Il y fallut la promesse que tous les conspirateurs allaient être traduits sans délai devant une Cour martiale, jugés et frappés avec la rapidité même du combat. Terrible fut l’appel au calme lancé par la Commune en la journée du 12 : « Peuple souverain, suspends ta vengeance. La justice endormie reprendra aujourd’hui tous ses droits. Tous les coupables vont périr sur l’échafaud. »

Mais ce n’est qu’en grondant que le peuple remettait au bourreau sa vengeance et sa défense. N’allait-on pas ajourner, éluder ? Tel était l’emportement de la passion que Robespierre lui-même, malgré ses habitudes de réserve et de prudence, terminait par de terribles paroles une ardente glorification du 10 août :

« Combien le peuple fut grand dans toutes ses démarches ! Ceux qui avaient trouvé quelques meubles ou quelque argent dans le château se firent une loi de s’abstenir de ces dépouilles prises sur l’ennemi. Ils vinrent les déposer dans l’Assemblée nationale ou dans la Commune. Ils regardèrent comme des larcins cet exercice du droit de la conquête. Ils poussèrent même jusqu’à l’excès ce sentiment de délicatesse. Le peuple immola lui-même ceux qui avaient cru pouvoir s’approprier quelques effets qui avaient appartenu aux tyrans et à leurs complices : il fut cruel en croyant être juste. »

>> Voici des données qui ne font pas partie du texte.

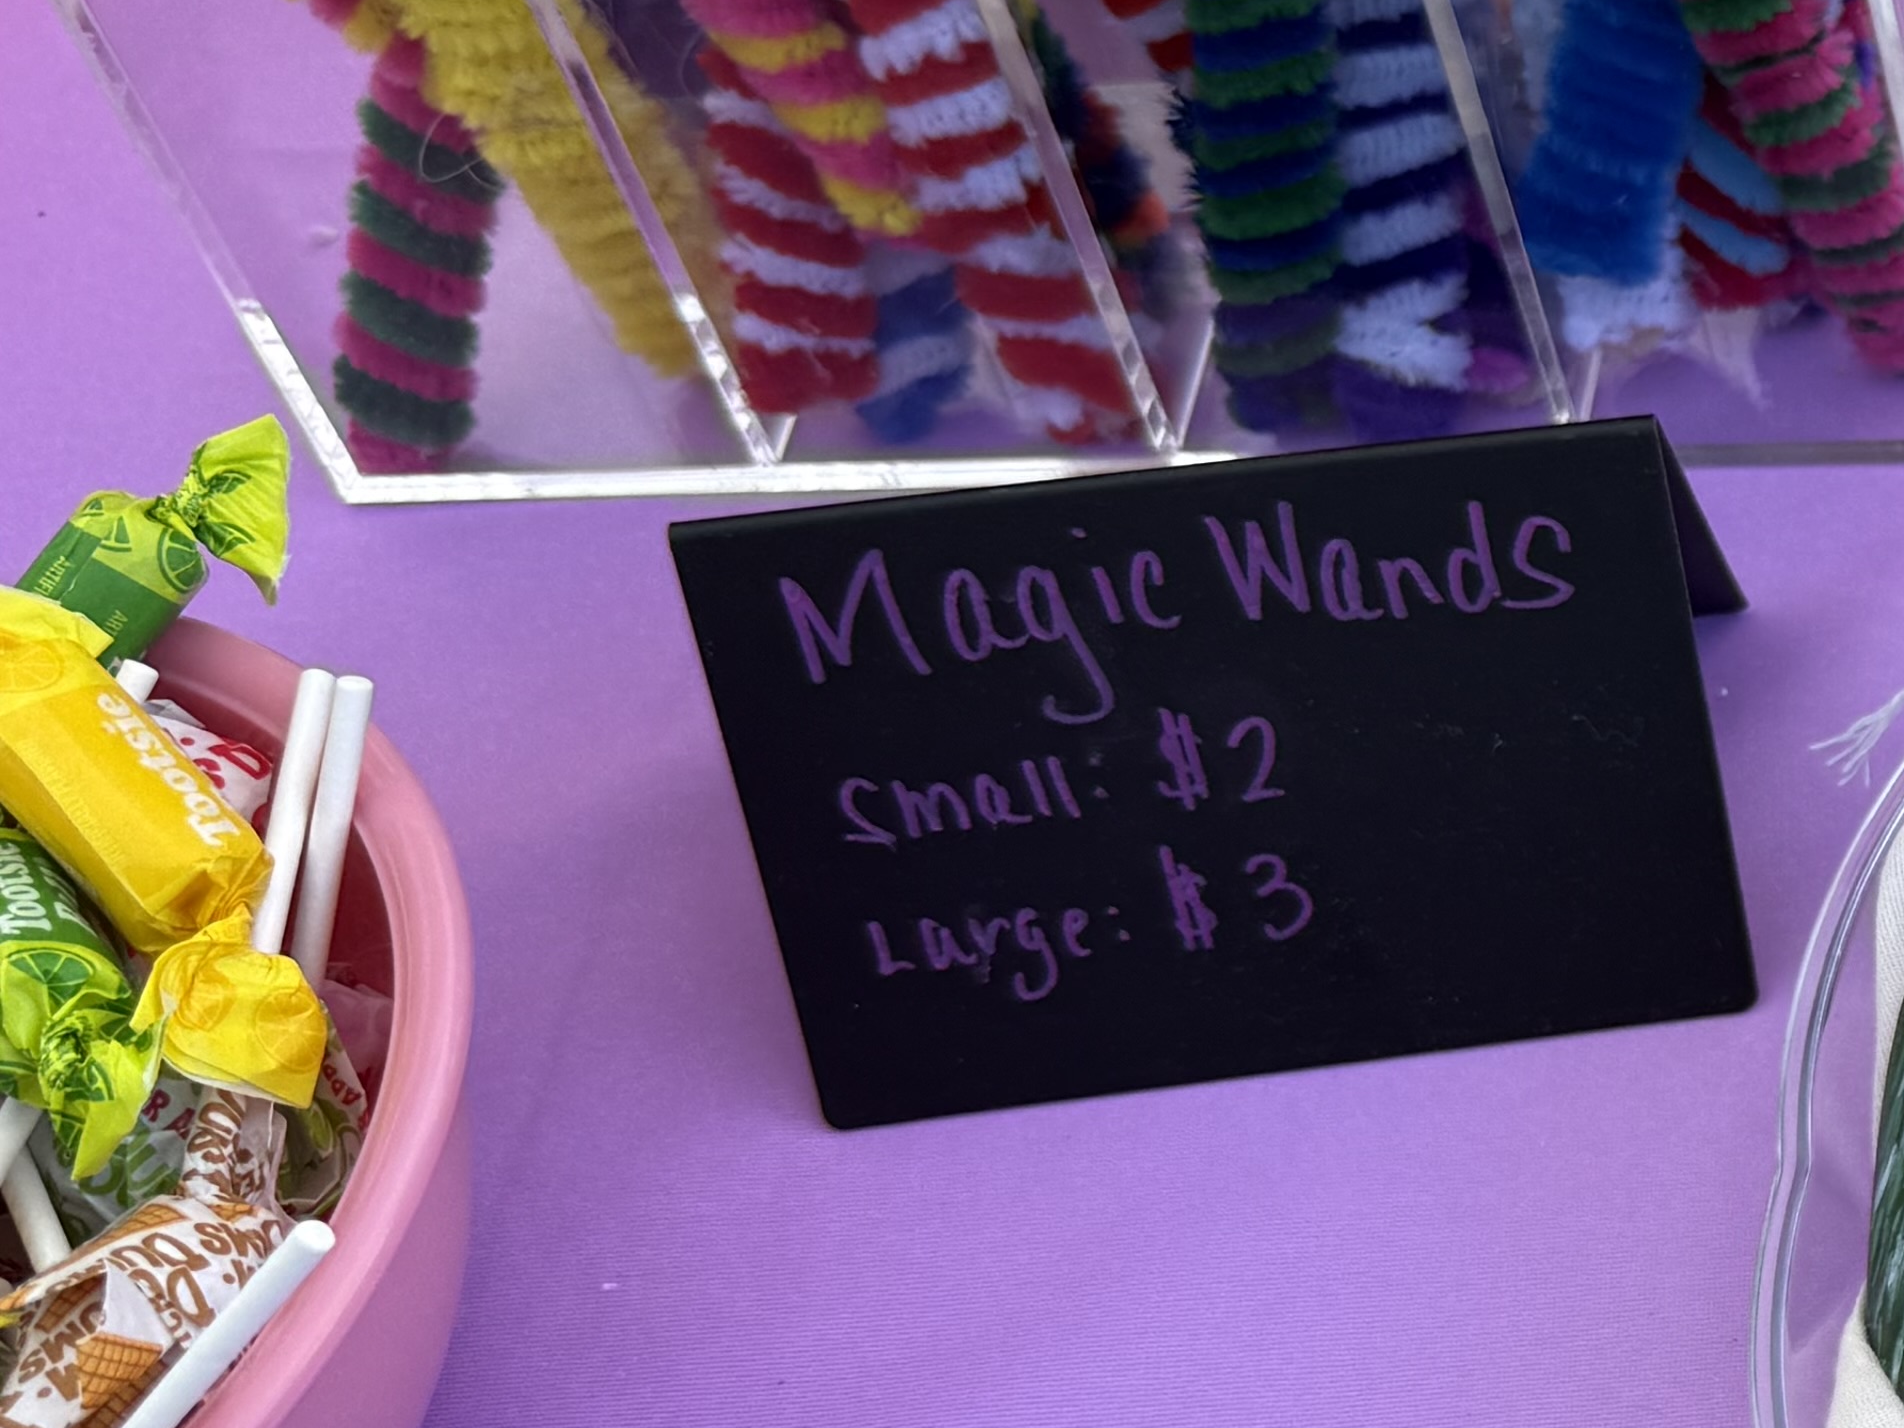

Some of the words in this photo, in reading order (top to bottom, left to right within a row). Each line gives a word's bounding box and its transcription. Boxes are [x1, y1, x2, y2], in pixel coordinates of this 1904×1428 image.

[780, 529, 1180, 725] Magic
[1204, 501, 1574, 624] Wands
[97, 691, 241, 847] Tootsie
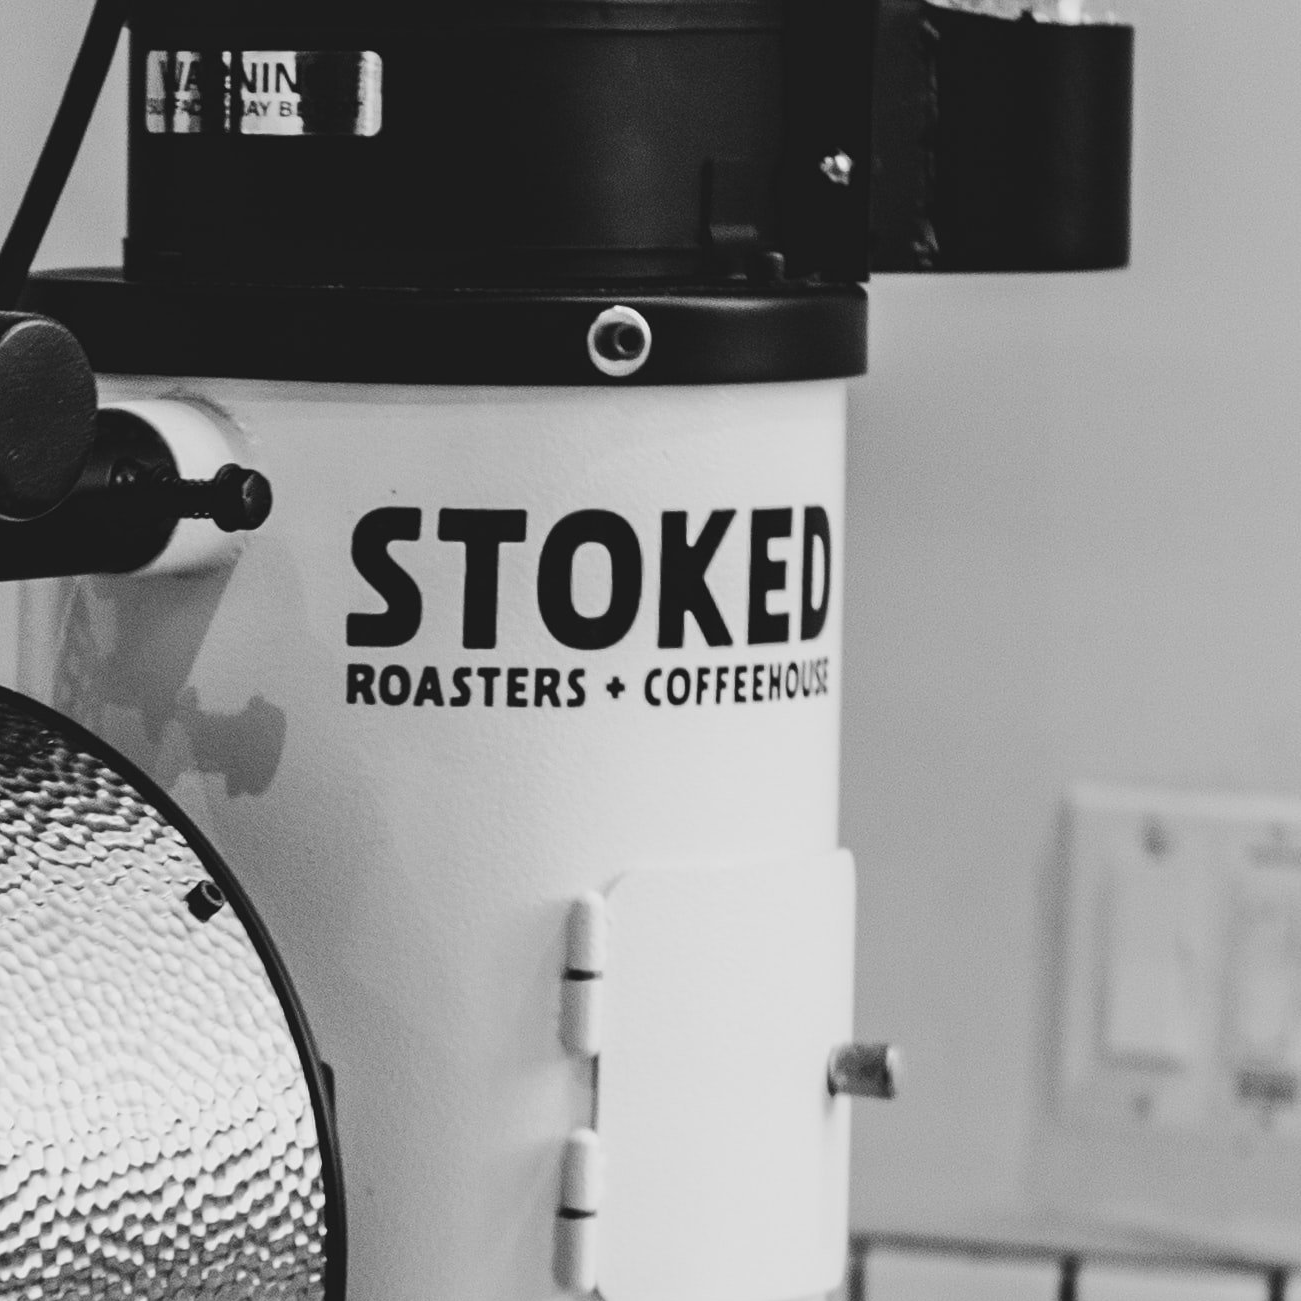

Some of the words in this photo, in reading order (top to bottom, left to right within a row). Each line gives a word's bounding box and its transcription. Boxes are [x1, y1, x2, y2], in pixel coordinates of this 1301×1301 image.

[228, 100, 271, 117] AY
[346, 505, 831, 650] STOKED
[346, 664, 586, 708] ROASTERS
[606, 677, 626, 699] +
[644, 657, 828, 707] COFFEEHOUSE

« Grands dieux ! le peuple punit, dans des malheureux, l’apparence seule du crime, et tous les tyrans, qui le font égorger, échappent à la peine de leurs forfaits ! Riches égoïstes, stupides vampires engraissés de sang et de rapines, osez donc encore donner le nom de brigands ; osez affecter encore des craintes insolentes pour vos biens méprisables achetés par des bassesses ; osez remonter à la source de vos richesses, à celle de la misère de vos semblables ; voyez, d’un côté, leur désintéressement et leur honorable pauvreté ; de l’autre, vos vices et votre opulence, et dites quels sont les brigands et les scélérats. Misérables hypocrites, gardez vos richesses qui vous tiennent lieu d’âme et de vertu ; mais laissez aux autres la liberté et l’honneur. Non, ils ont juré une haine immortelle à la raison et à l’égalité ! Quand le peuple paraît, il se cache. S’est-il retiré ? Ils conspirent. Déjà ils renouvellent leurs calomnies et renouent leurs intrigues. Citoyens, vous n’aurez la paix qu’autant que vous aurez l’œil ouvert sur toutes les trahisons et le bras levé sur tous les traîtres. »

Mais ce bras levé, le peuple voulait qu’il s’abaissât. Ce grand mouvement de colère et de passion pouvait cependant être réglé. Il était possible de faire justice, de rechercher et de punir sans délai ceux qui avaient une part directe de responsabilité dans la résistance factieuse d’une cour traîtresse, sans laisser se déchaîner l’instinct du meurtre.